Copy every entry exactly as it stands, though any image it holds should stay out of the copy.

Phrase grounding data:
○ ○ ○ ○
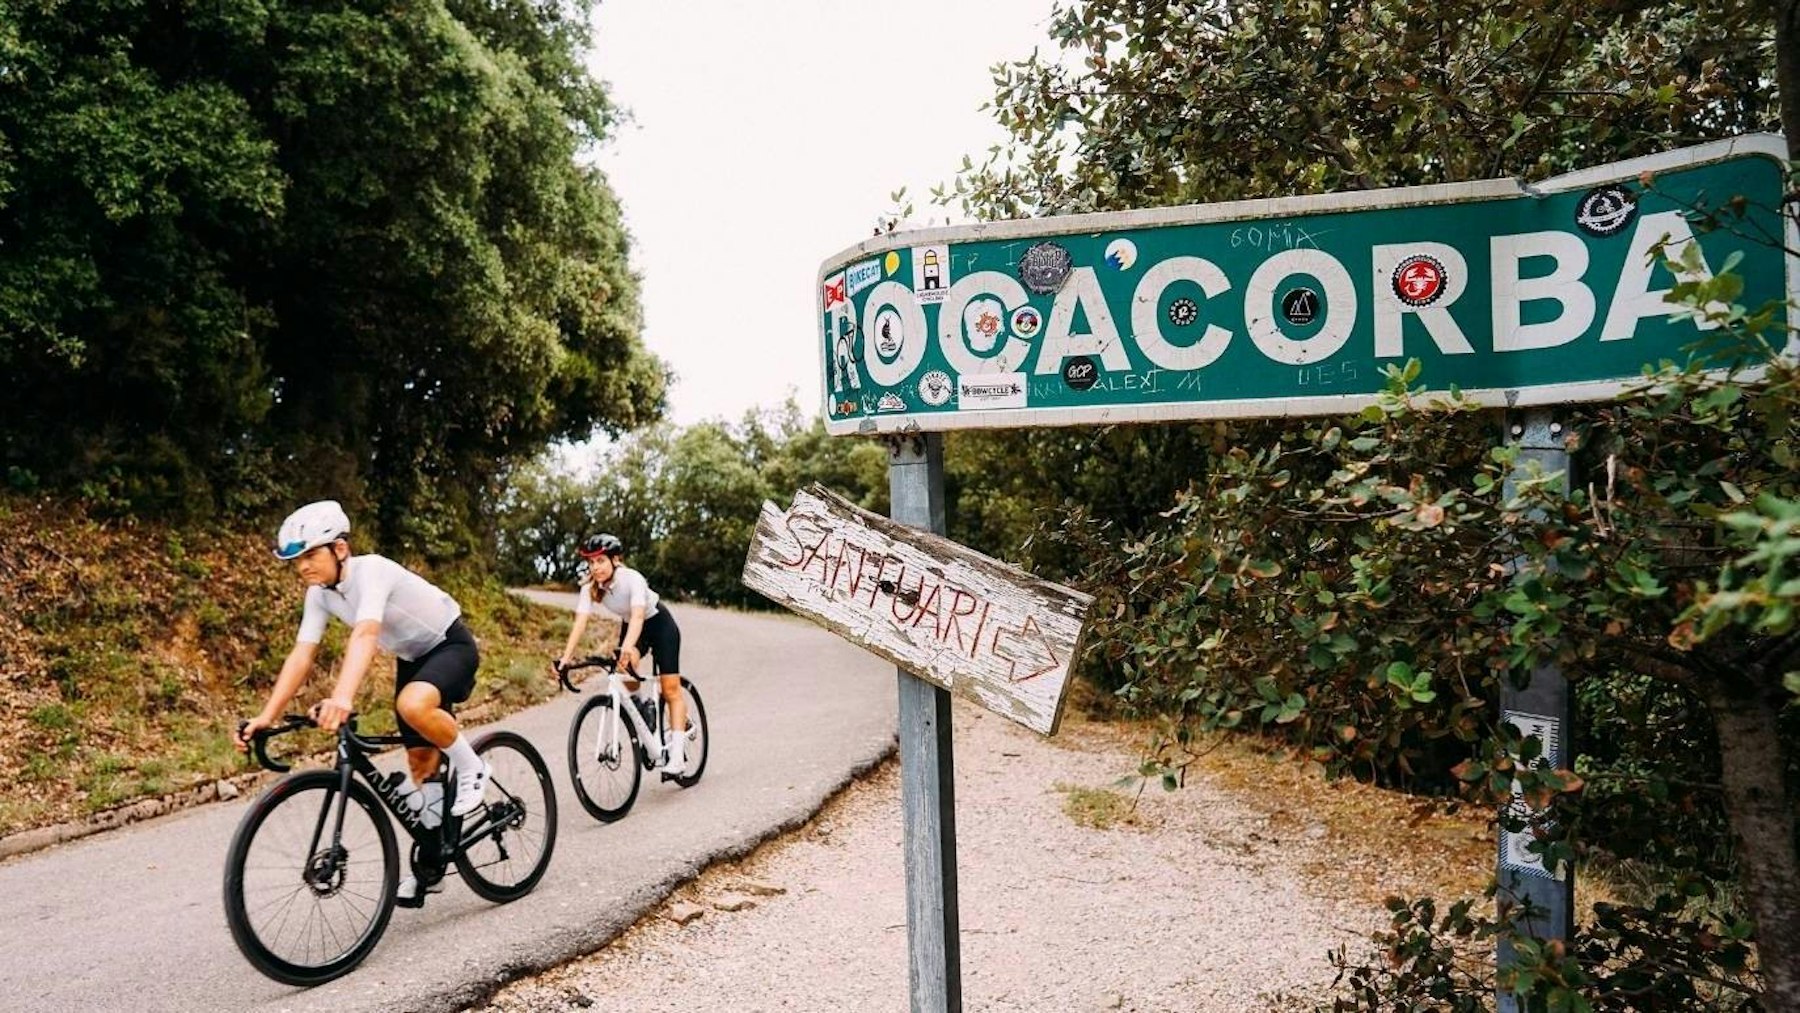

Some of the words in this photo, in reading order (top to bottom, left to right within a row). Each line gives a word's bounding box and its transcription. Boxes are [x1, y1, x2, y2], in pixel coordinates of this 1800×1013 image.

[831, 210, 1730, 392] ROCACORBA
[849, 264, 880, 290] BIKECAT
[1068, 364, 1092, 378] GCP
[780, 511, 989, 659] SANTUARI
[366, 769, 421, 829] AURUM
○ ○ ○ ○
- **Solution to the problem**
Some of the words in this photo, in reading order (top to bottom, left to right within a row). Each line gives a word's bounding box and its transcription. Boxes are [x1, y1, x2, y2], in pixel coordinates of this 1800×1013 image.

[831, 210, 1730, 392] ROCACORBA
[849, 264, 880, 290] BIKECAT
[1068, 364, 1092, 378] GCP
[780, 511, 989, 659] SANTUARI
[366, 769, 421, 829] AURUM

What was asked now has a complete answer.